■ Information shown
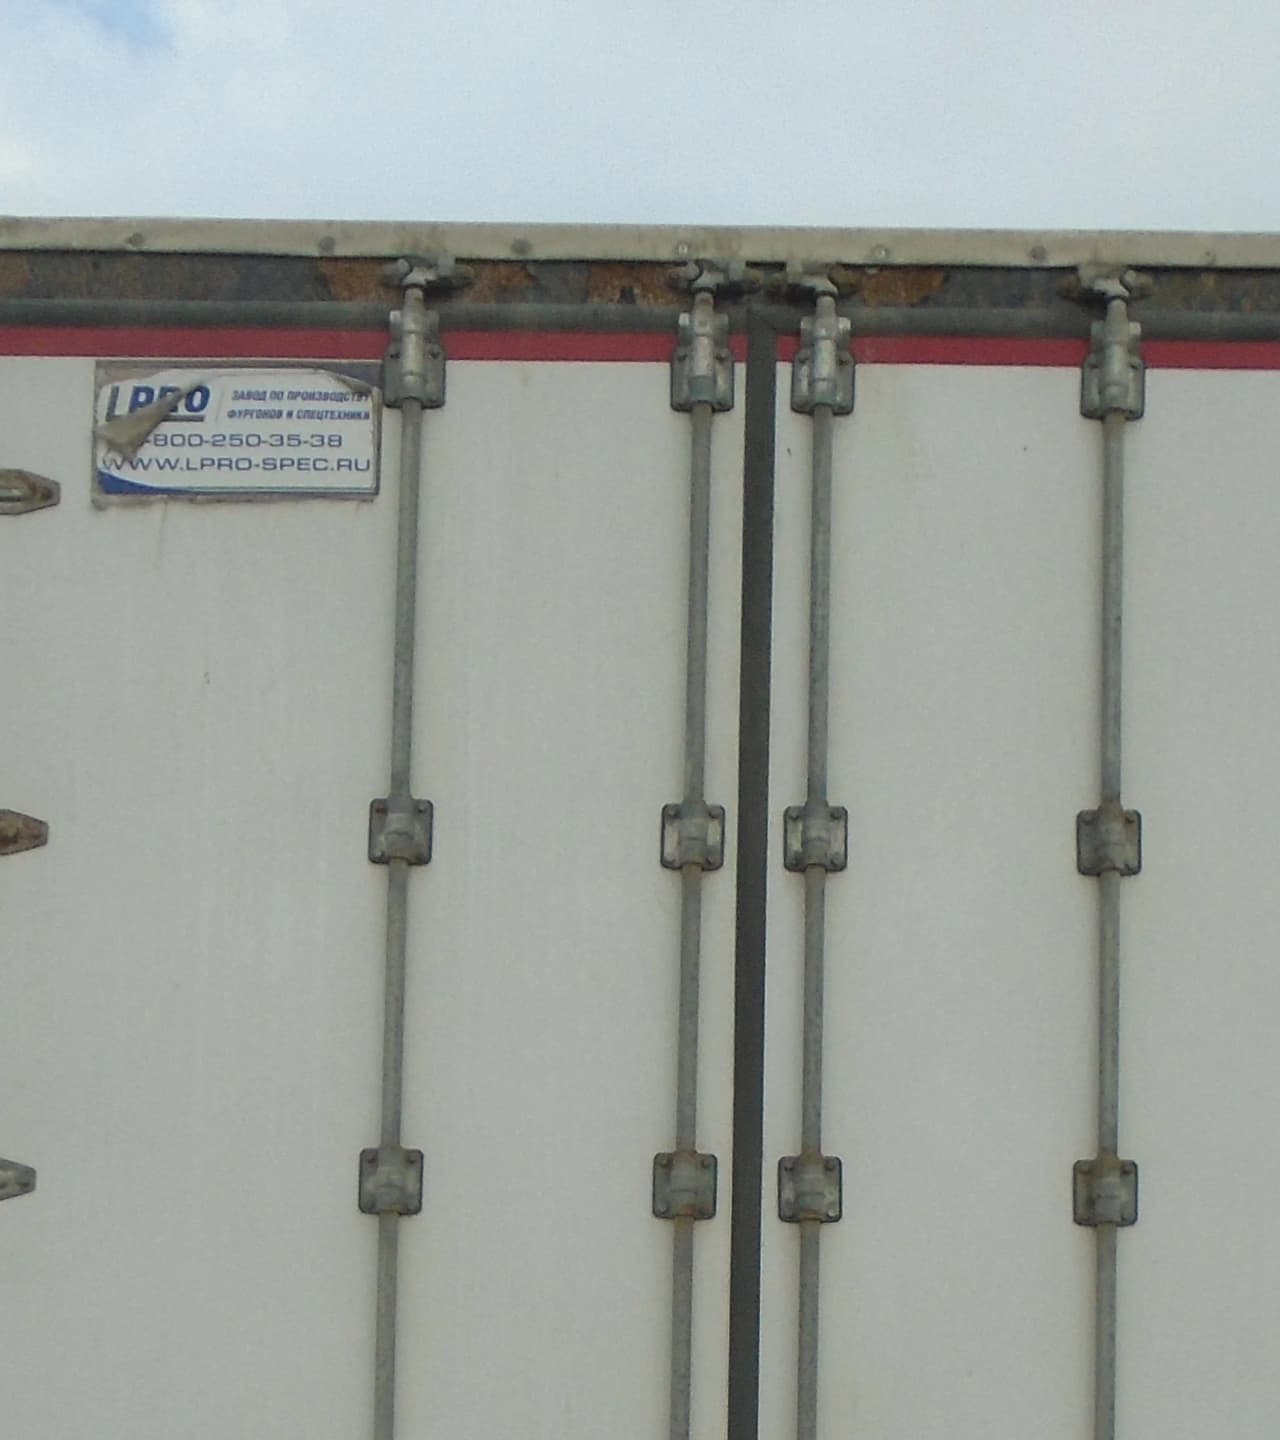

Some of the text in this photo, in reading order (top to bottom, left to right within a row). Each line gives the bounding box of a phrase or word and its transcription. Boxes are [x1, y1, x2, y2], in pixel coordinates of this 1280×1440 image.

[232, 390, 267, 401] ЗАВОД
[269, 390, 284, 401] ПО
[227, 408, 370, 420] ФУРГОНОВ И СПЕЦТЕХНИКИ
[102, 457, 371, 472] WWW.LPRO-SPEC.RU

■ Exercise aim
Copy out the lines above in full and unaltered, apart from the pictures.

■ Your solution
Some of the text in this photo, in reading order (top to bottom, left to right within a row). Each line gives the bounding box of a phrase or word and its transcription. Boxes are [x1, y1, x2, y2], in pixel coordinates of this 1280×1440 image.

[232, 390, 267, 401] ЗАВОД
[269, 390, 284, 401] ПО
[227, 408, 370, 420] ФУРГОНОВ И СПЕЦТЕХНИКИ
[102, 457, 371, 472] WWW.LPRO-SPEC.RU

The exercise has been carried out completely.